Leader election in KCL 3.x

KCL 3.x implements leader election using DynamoDBLockClient library (GitHub link). Instead of performing full table scans of lease entries and finding the first worker in the sorted list of leases, this implementation uses a lock-based mechanism stored in the DynamoDB coordinator state table. Each worker in KCL 3.x follows this process:

  1. Reads a single lock entry from the DynamoDB lock table
  2. Validates the active status of the current lock owner by checking if the lock item gets constant heartbeat
  3. Claims leadership if the previous lock owner's heartbeat has expired, following a first-worker-wins model

Leader failure handling in KCL 3.x

The DynamoDBLockClient library provides the core failure handling capabilities. It monitors and responds to various failure scenarios including network partitions, worker shutdowns, and overloaded workers. When a worker fails to maintain its heartbeat on the lock item, KCL 3.x automatically enables another worker to claim leadership.

KCL 3.x extends the base failure handling with additional safeguards for critical operations such as lease assignments. If there are three consecutive failures in lease assignment by a leader (GitHub code ref), KCL 3.x detects and releases the leadership to enable other workers to take the leadership and perform lease assignments. This dual-layer failure handling mechanism ensures both infrastructure-level and application-level failures are handled effectively.
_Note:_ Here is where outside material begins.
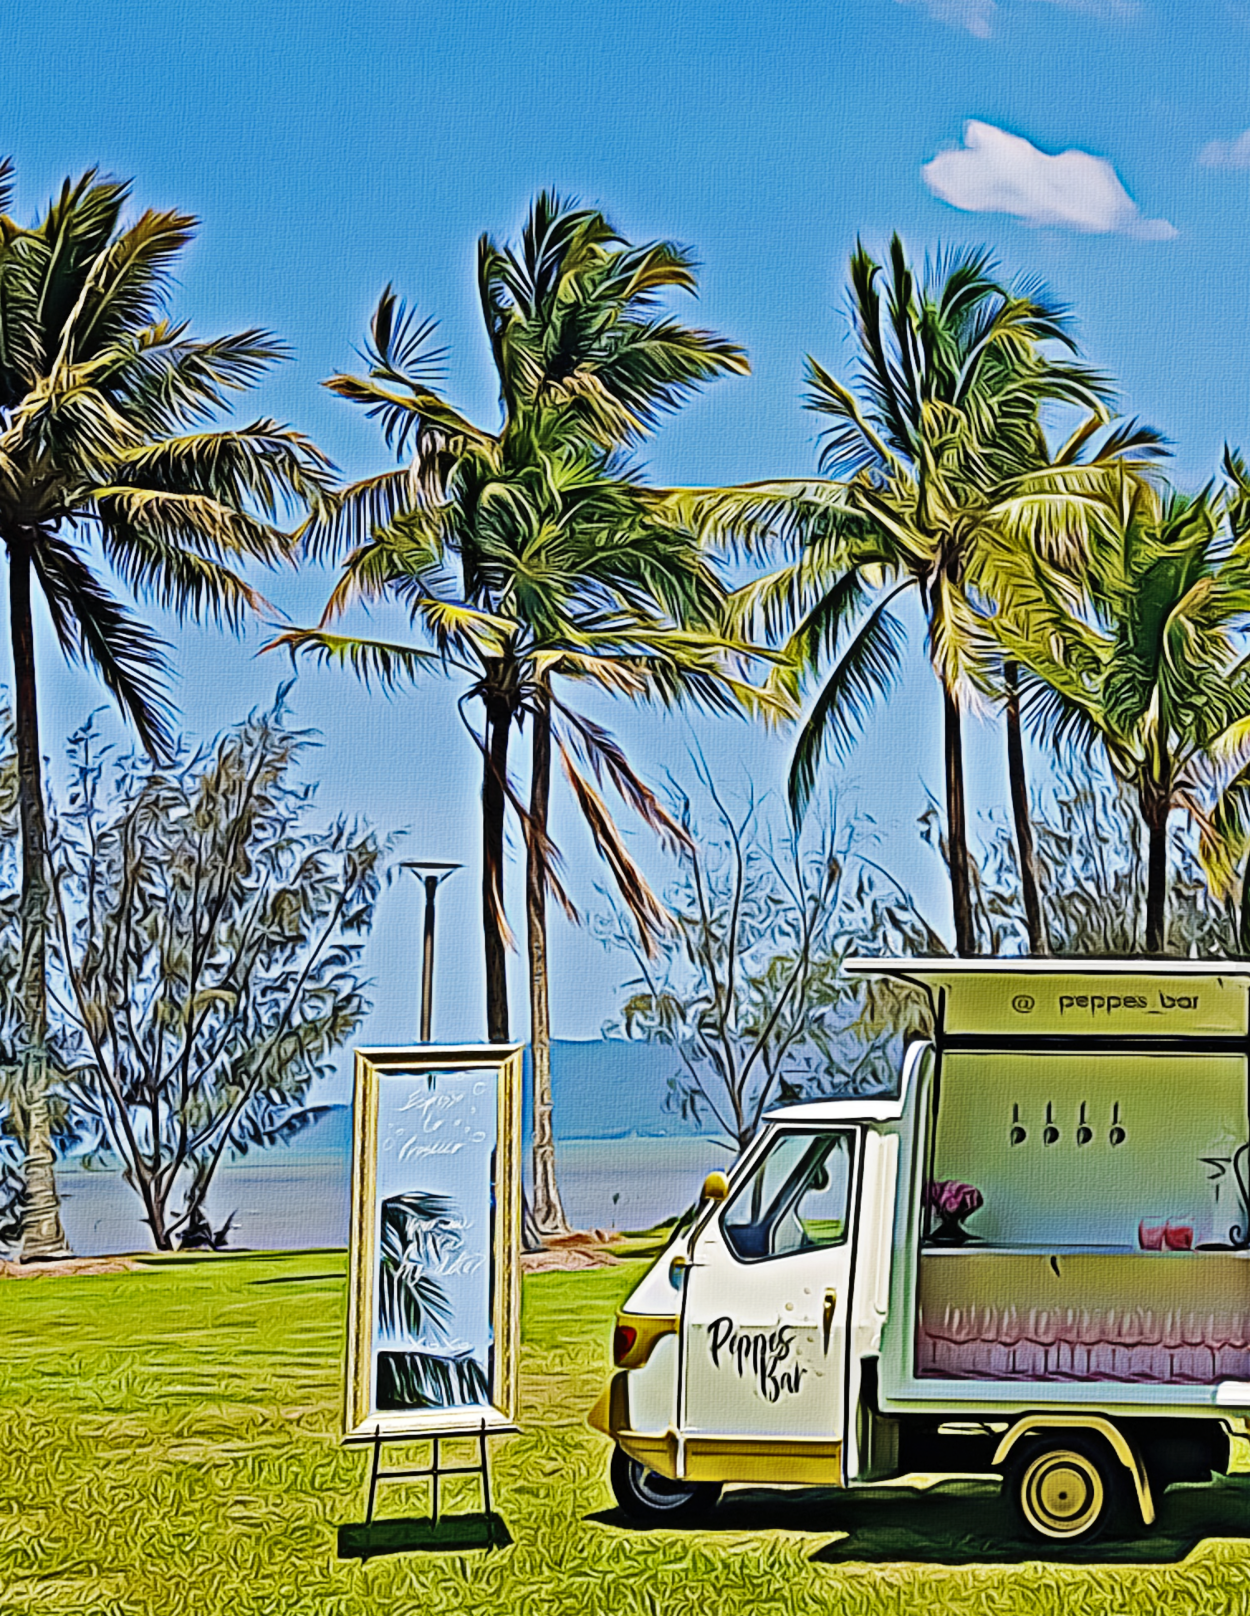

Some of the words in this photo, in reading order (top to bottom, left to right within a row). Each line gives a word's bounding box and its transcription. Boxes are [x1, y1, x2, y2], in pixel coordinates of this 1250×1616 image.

[1012, 994, 1035, 1013] @
[1058, 989, 1199, 1017] peppes_bar
[759, 1352, 808, 1403] Bar
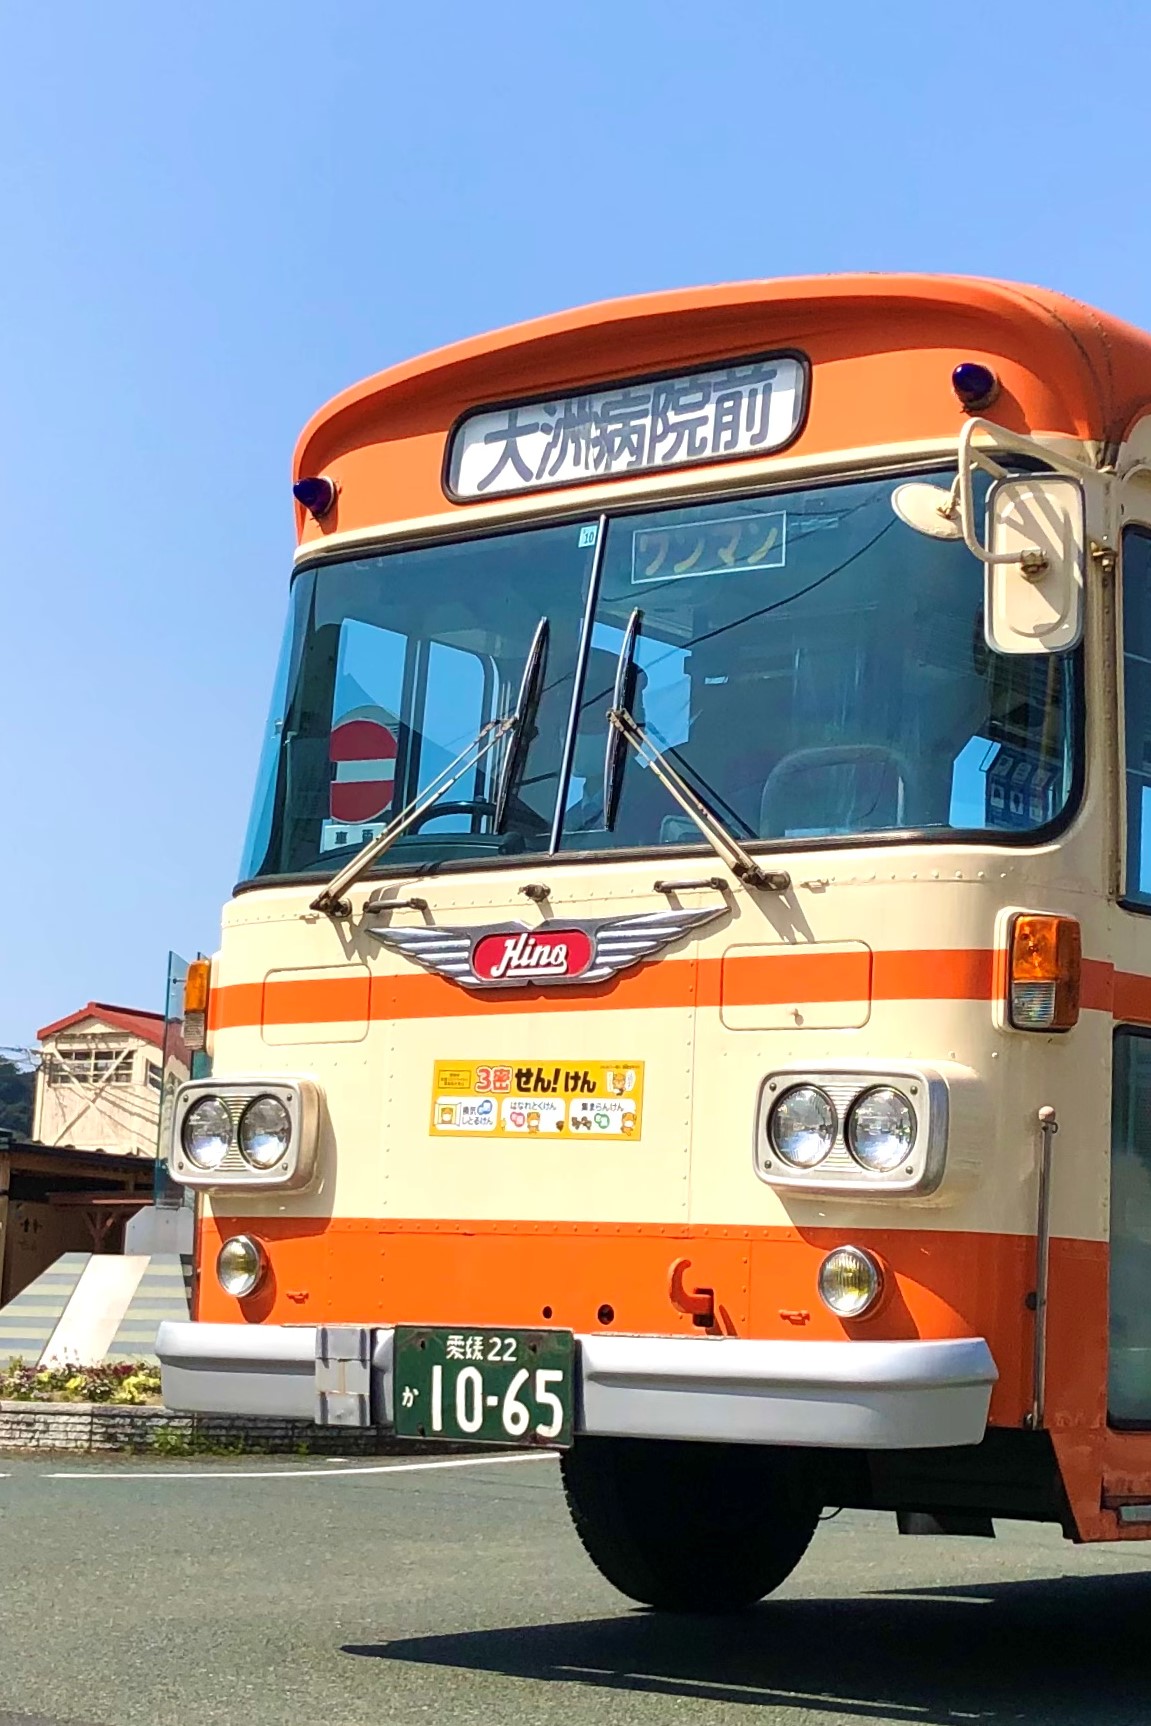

How KCL 3.x captures throughput per shard

Shard throughput calculation

Every time KCL 3.x retrieves a batch of records from a Kinesis data stream and deliver to the record processor, it computes the total bytes that was fetched from a specific shard and records it in the LeaseStatsRecorder (GitHub class, code ref). These stats are accumulated for the leaseRenewerFrequency (failoverTimeMillis/3). During leaseRenewal (which runs at leaseRenewerFrequency), the shard throughput is computed and updated in the KCL leases throughput attribute. The final shard throughput is calculated as following:

  • Calculate the shard throughput in the last lease renewal interval (bytes delivered to record processor in the last interval / leaseRenewerFrequency)
  • To avoid the swing from the short-term traffic surges, take an exponential moving average (EMA) with an alpha of 0.5 on the previous and current value (GitHub code ref). This smoothed stat is used for the lease assignment in KCL 3.x.

How KCL 3.x captures CPU utilization of worker hosts

Amazon Elastic Compute Cloud (EC2)

KCL collects CPU utilization on Amazon EC2 instances by reading system statistics from the /proc/stat file. This file provides kernel/system statistics, from which KCL calculates the CPU utilization in percentage (GitHub code ref) for the worker host.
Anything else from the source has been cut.